The CS 6120 Course Blog

Compiler Validation via Equivalence Modulo Inputs

by Rolph Recto, Gregory Yauney

Imagine you, a clever person who wants her C programs to run faster, sat down, thought very hard, and developed a new compiler optimization. Say you implement it as a transformation pass in LLVM so that other people can take advantage of your cleverness to make their programs run faster as well. You run your optimization pass over a few benchmarks and see that it does indeed make some programs run faster. But a question nags you: how do you know that your optimization is correct? That is, how do you know that your optimization doesn't change the semantics of the input program?

Equivalence Modulo Inputs (henceforth EMI), a testing technique introduced by Le & al. in a PLDI 2014 paper, allows our compiler hacker above to test her optimization rigorously without much effort. EMI is especially effective at finding miscompilation bugs, wherein compilers produce wrong code, which is much more pernicious than compiler crashes, bugs where the compiler terminates abnormally. This allows EMI to test the optimization phase of compilers much more rigorously than prior work such as Csmith, which finds fewer miscompilations than compiler crashes.


EMI is a form of differential testing, the widely applicable idea that if multiple systems presumed to be equivalent produce different outputs on the same input, then there is a bug in at least one of the systems.

Csmith also differentially tests compilers by generating random test cases, leading to 281 bug reports for GCC and LLVM by the time it was published. Whereas Csmith compares output from multiple compilers on the same input program, EMI compares output from different programs compiled by the same compiler.

Explicitly wanting to avoid Csmith's painstaking approach to restricting random program generation with aggressive safety analysis, Le & al. design their implementation of EMI around generating equivalent variants of valid seed programs, as we will see below. The EMI and Csmith approaches are not oppositional; in fact, Le & al. incorporate Csmith into their workflow. The vast majority (all but four) of bugs identified by EMI were found with EMI variants of random programs generated by Csmith.

Some definitions

Let us now formally define EMI and show how we can use it as a condition to determine whether a compiler is buggy.

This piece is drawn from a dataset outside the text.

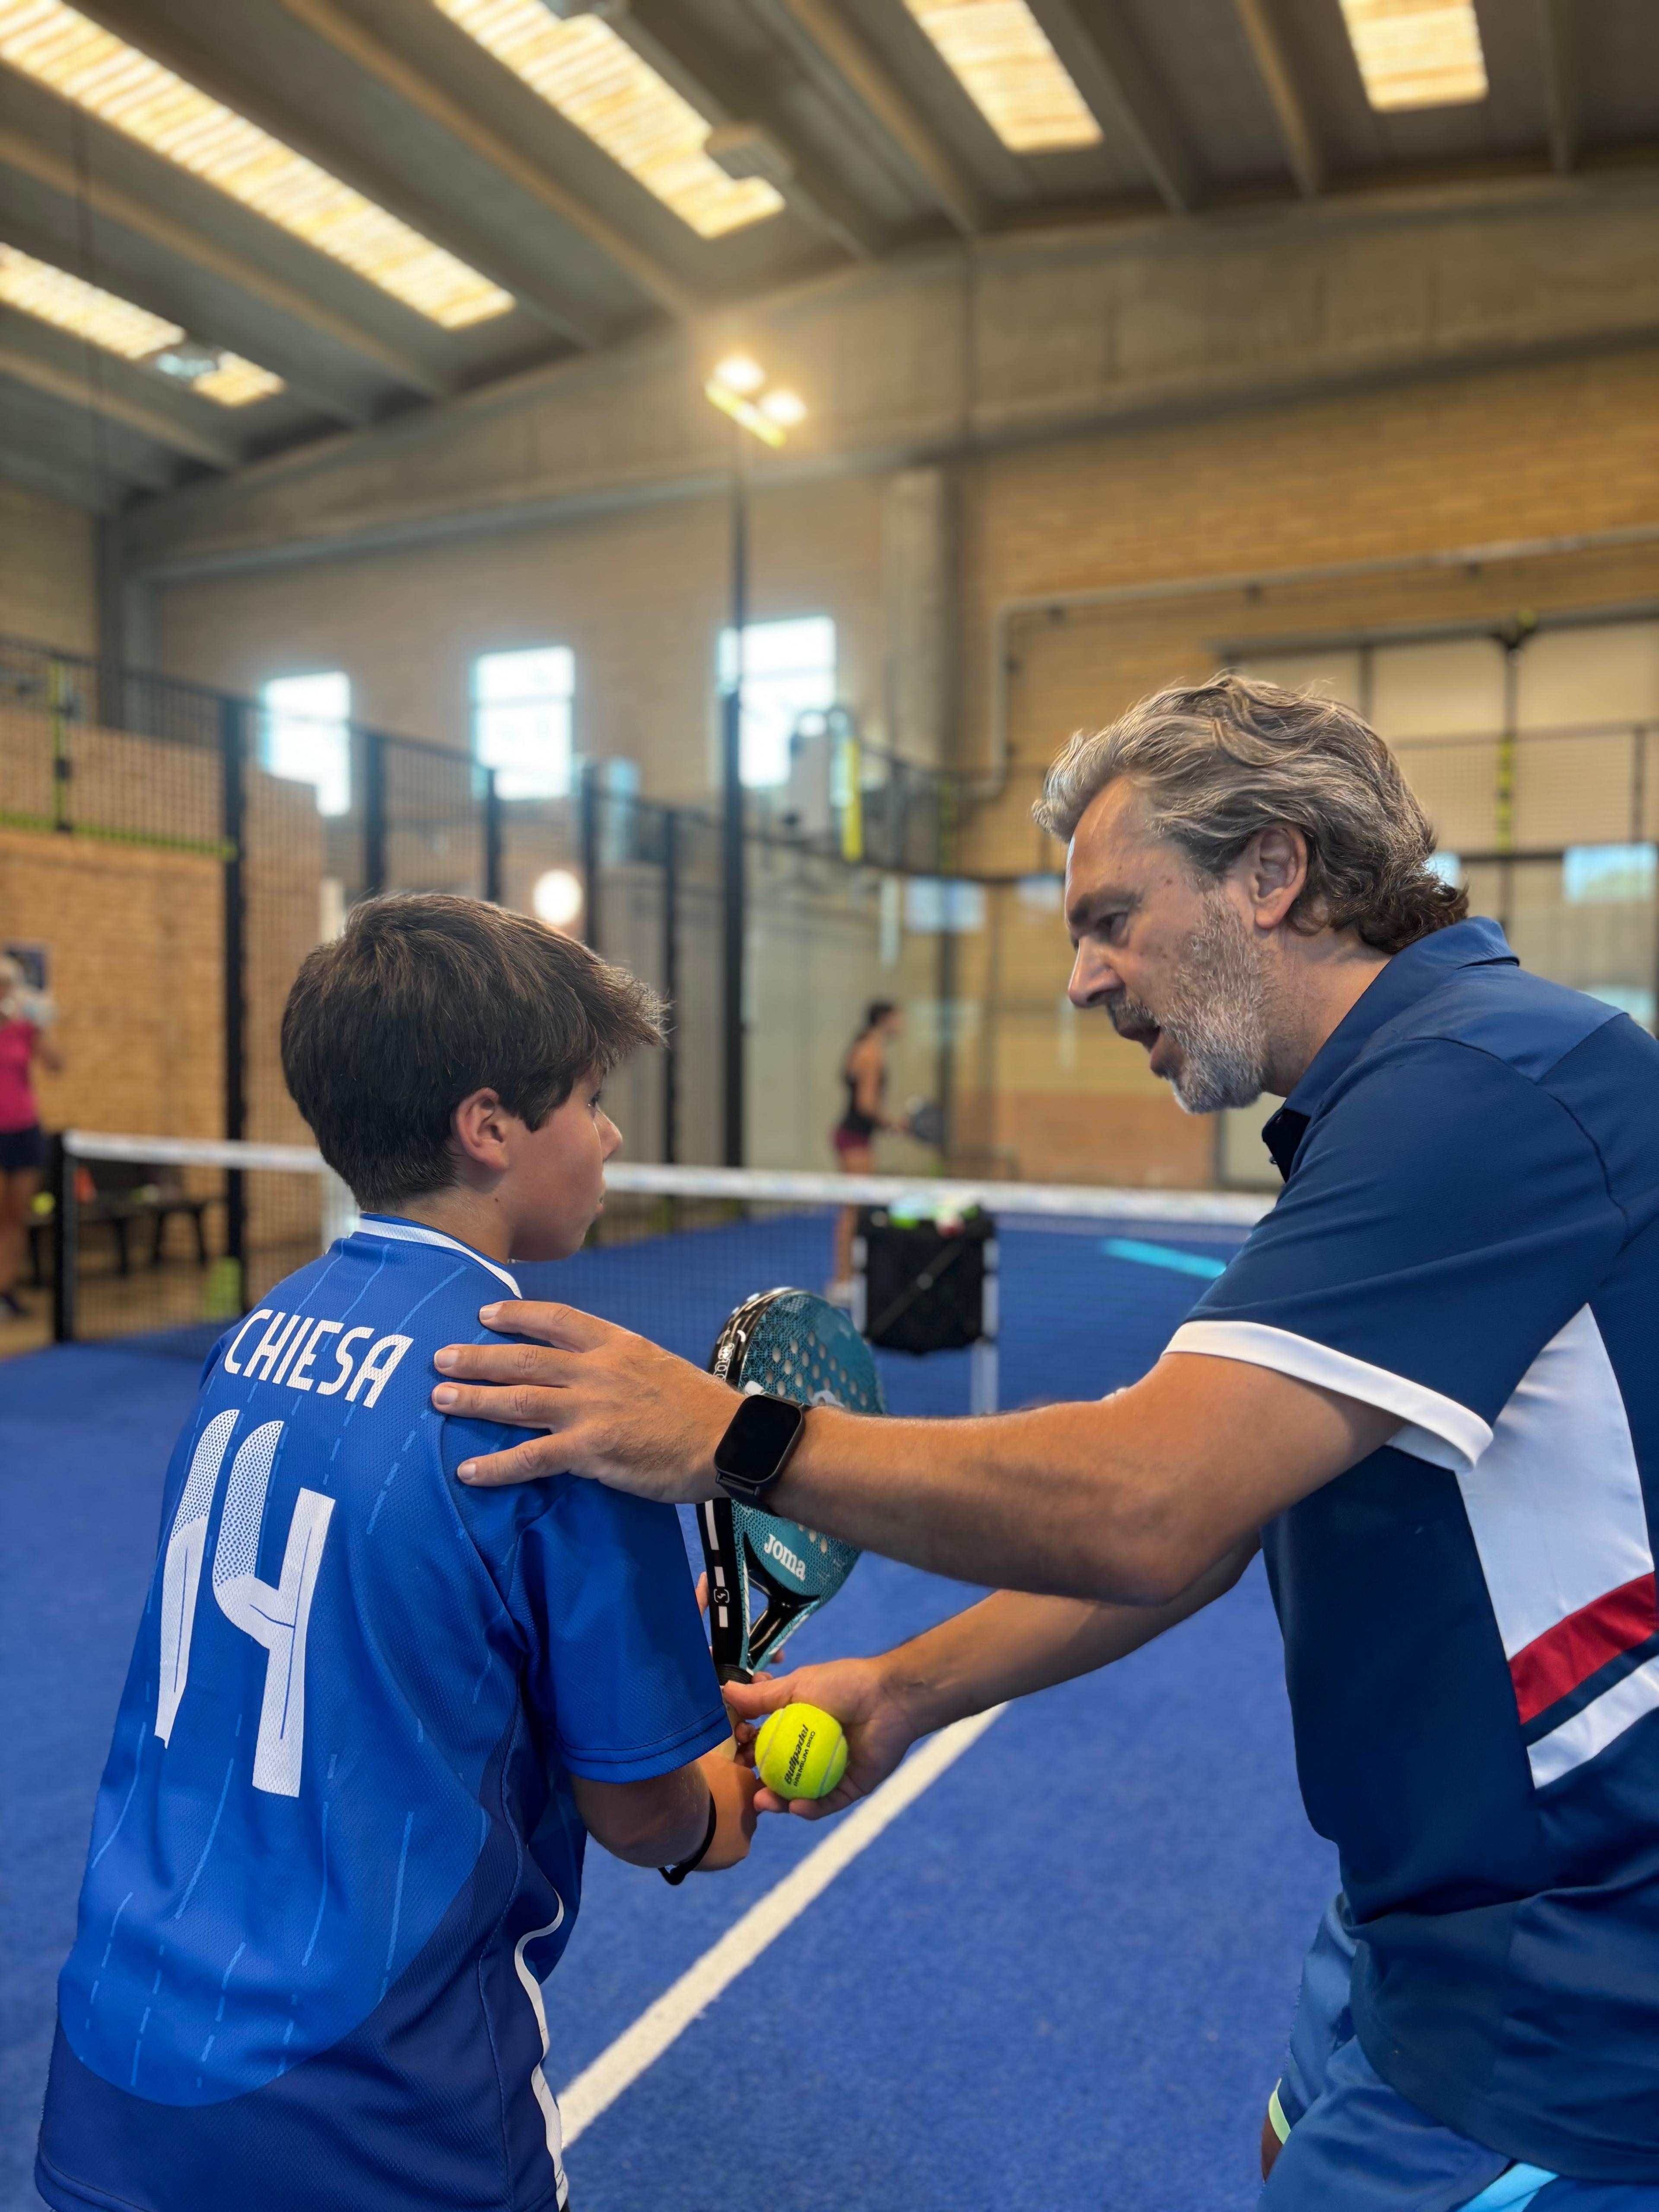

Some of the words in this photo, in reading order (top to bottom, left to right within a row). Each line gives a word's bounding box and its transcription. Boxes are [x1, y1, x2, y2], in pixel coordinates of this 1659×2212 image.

Equivalence modulo inputs (EMI). Given an input set $I$ and a program $P$, a program $Q$ is an EMI-variant of $P$ (read: $P$ and $Q$ are EMI) relative to $I$ if $P$ and $Q$ have the same denotations ("mean the same thing") over all inputs in $I$. Formally, for all $i$ in $I$, $\llbracket P \rrbracket(i) = \llbracket Q \rrbracket (i)$.

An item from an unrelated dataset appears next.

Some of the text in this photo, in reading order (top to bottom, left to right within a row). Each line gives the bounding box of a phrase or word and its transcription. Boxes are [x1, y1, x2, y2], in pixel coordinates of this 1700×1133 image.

It is immediately clear that EMI is a relaxation of semantic equivalence, wherein $P$ and $Q$ have the same denotations for all possible inputs.

For example, the following two programs are semantically equivalent (and thus EMI for any input set):

$\lambda x. (x + x)$ and $\lambda x. (2 * x)$

The following two programs are not semantically equivalent yet EMI over input set {0}:

$\lambda x. x$ and $\lambda x. 0$

Now that we have a formal definition of EMI, how can we use it as a condition to check whether a compiler is buggy or not?

EMI-validity. Given an input set $I$, a compiler $C$ is EMI-valid relative to $I$ if for any program $P$ and EMI-variant $Q$, it is the case that $C(P)(i) = C(Q)(i)$ for all $i$ in input set $I$.

If a compiler is not EMI-valid, then we consider it buggy. But the inverse is not true: if a compiler is EMI-valid, it can still be buggy! Consider the degenerate compiler that maps all source programs to the same target program. The compiler is EMI-valid for any input set, but it is obviously buggy. Thus EMI-validity is a conservative overapproximation for compiler correctness.

Why is this useful? Couldn't we just define validity for a compiler over semantic equivalence, not just its relaxed counterpart in EMI? (You can imagine defining EMI-validity where the input set is all possible inputs.) EMI solves two hard practical problems in differential testing of compilers:

  1. How do we generate "equivalent" variants of input programs?

  2. How do we check that the compiler's output programs are "equivalent"?

Using the more stringent condition of semantic equivalence makes solving these practical problems hard—indeed, in the general case (2) is undecidable by a famous result in computability theory. But the more relaxed condition of EMI makes these tractable. As we'll seen with the implementation of Orion below, there is an efficient procedure for generating EMI-variants from seed programs, thus solving (1). We determine that output programs are "equivalent" if they are EMI, which, since we're only checking equivalence over a particular set of inputs, gives an efficient procedure for (2).

EMI in Practice: Orion

Le & al. realize the promise of Equivalence Modulo Inputs by implementing Orion, a bug-finding tool for C compilers. Given a seed program and an input set, it generates EMI-variants of the seed program and then checks if a compiler configuration is EMI-valid with respect to these.

To generate EMI-variants, Orion uses code coverage information provided by tools such as gcov to modify unexecuted parts of the seed program. Intuitively, this procedure generates EMI-variants of the seed program since unexecuted statements should not affect the output of the compiled program.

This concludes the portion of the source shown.